* WORK ORDER: Make an exact copy of the records, leaving out the images.

* THE RECORDS:
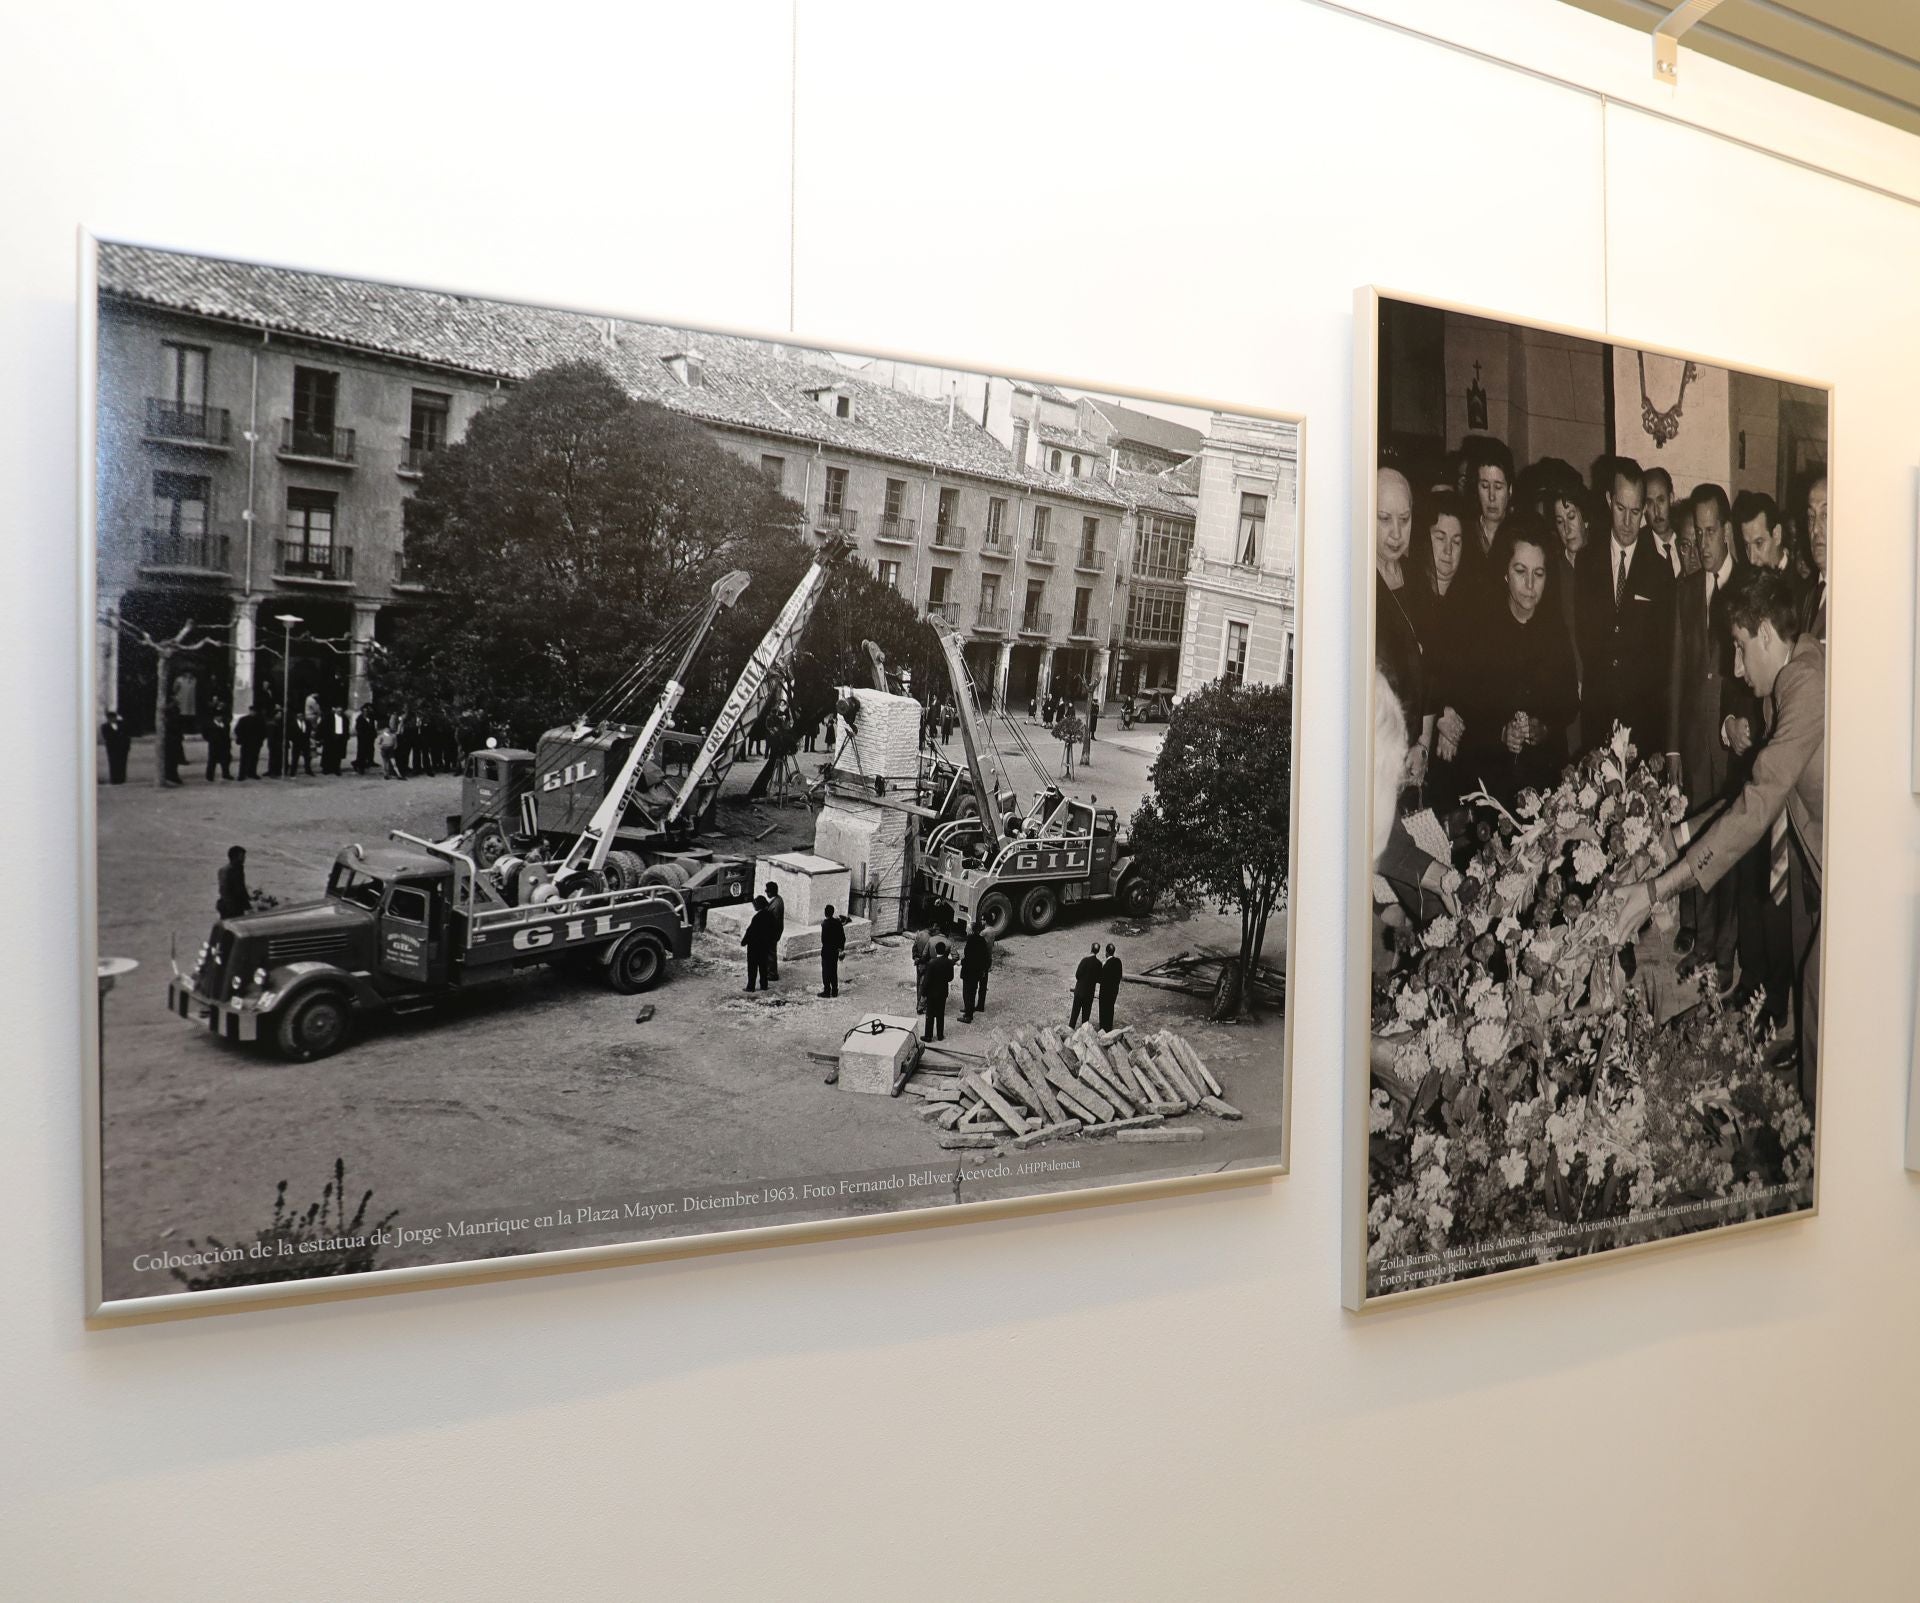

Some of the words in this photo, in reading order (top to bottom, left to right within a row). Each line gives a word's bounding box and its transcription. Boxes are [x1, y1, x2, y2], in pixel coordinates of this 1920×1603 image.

[706, 697, 741, 754] GRUAS
[543, 761, 597, 793] GIL
[1016, 851, 1085, 870] GIL
[512, 914, 632, 950] GIL
[132, 1246, 245, 1273] Colocación
[250, 1241, 273, 1259] de
[278, 1238, 294, 1256] la
[299, 1235, 366, 1254] estatua
[370, 1227, 392, 1246] de
[394, 1224, 442, 1249] Jorge
[447, 1218, 530, 1237] Manrique
[534, 1214, 553, 1228] en
[558, 1209, 572, 1226] la
[577, 1206, 619, 1224] Plaza
[624, 1202, 679, 1220] Mayor.
[683, 1194, 760, 1213] Diciembre
[763, 1186, 798, 1202] 1963.
[803, 1184, 836, 1200] Foto
[840, 1175, 905, 1195] Fernando
[908, 1172, 953, 1188] Bellver
[956, 1164, 1013, 1183] Acevedo.
[1017, 1158, 1081, 1175] AHPPalencia
[1380, 1256, 1404, 1272] Zoila
[1468, 1246, 1474, 1258] y
[1476, 1240, 1494, 1254] Luis
[1496, 1235, 1527, 1250] Alonso,
[1567, 1224, 1578, 1236] de
[1578, 1218, 1611, 1234] Victorio
[1692, 1201, 1702, 1212] en
[1702, 1198, 1710, 1209] la
[1380, 1275, 1402, 1287] Foto
[1404, 1264, 1446, 1283] Fernando
[1448, 1259, 1478, 1274] Bellver

* YOUR SOLUTION:
Some of the words in this photo, in reading order (top to bottom, left to right within a row). Each line gives a word's bounding box and its transcription. Boxes are [x1, y1, x2, y2], in pixel coordinates of this 1920×1603 image.

[706, 697, 741, 754] GRUAS
[543, 761, 597, 793] GIL
[1016, 851, 1085, 870] GIL
[512, 914, 632, 950] GIL
[132, 1246, 245, 1273] Colocación
[250, 1241, 273, 1259] de
[278, 1238, 294, 1256] la
[299, 1235, 366, 1254] estatua
[370, 1227, 392, 1246] de
[394, 1224, 442, 1249] Jorge
[447, 1218, 530, 1237] Manrique
[534, 1214, 553, 1228] en
[558, 1209, 572, 1226] la
[577, 1206, 619, 1224] Plaza
[624, 1202, 679, 1220] Mayor.
[683, 1194, 760, 1213] Diciembre
[763, 1186, 798, 1202] 1963.
[803, 1184, 836, 1200] Foto
[840, 1175, 905, 1195] Fernando
[908, 1172, 953, 1188] Bellver
[956, 1164, 1013, 1183] Acevedo.
[1017, 1158, 1081, 1175] AHPPalencia
[1380, 1256, 1404, 1272] Zoila
[1468, 1246, 1474, 1258] y
[1476, 1240, 1494, 1254] Luis
[1496, 1235, 1527, 1250] Alonso,
[1567, 1224, 1578, 1236] de
[1578, 1218, 1611, 1234] Victorio
[1692, 1201, 1702, 1212] en
[1702, 1198, 1710, 1209] la
[1380, 1275, 1402, 1287] Foto
[1404, 1264, 1446, 1283] Fernando
[1448, 1259, 1478, 1274] Bellver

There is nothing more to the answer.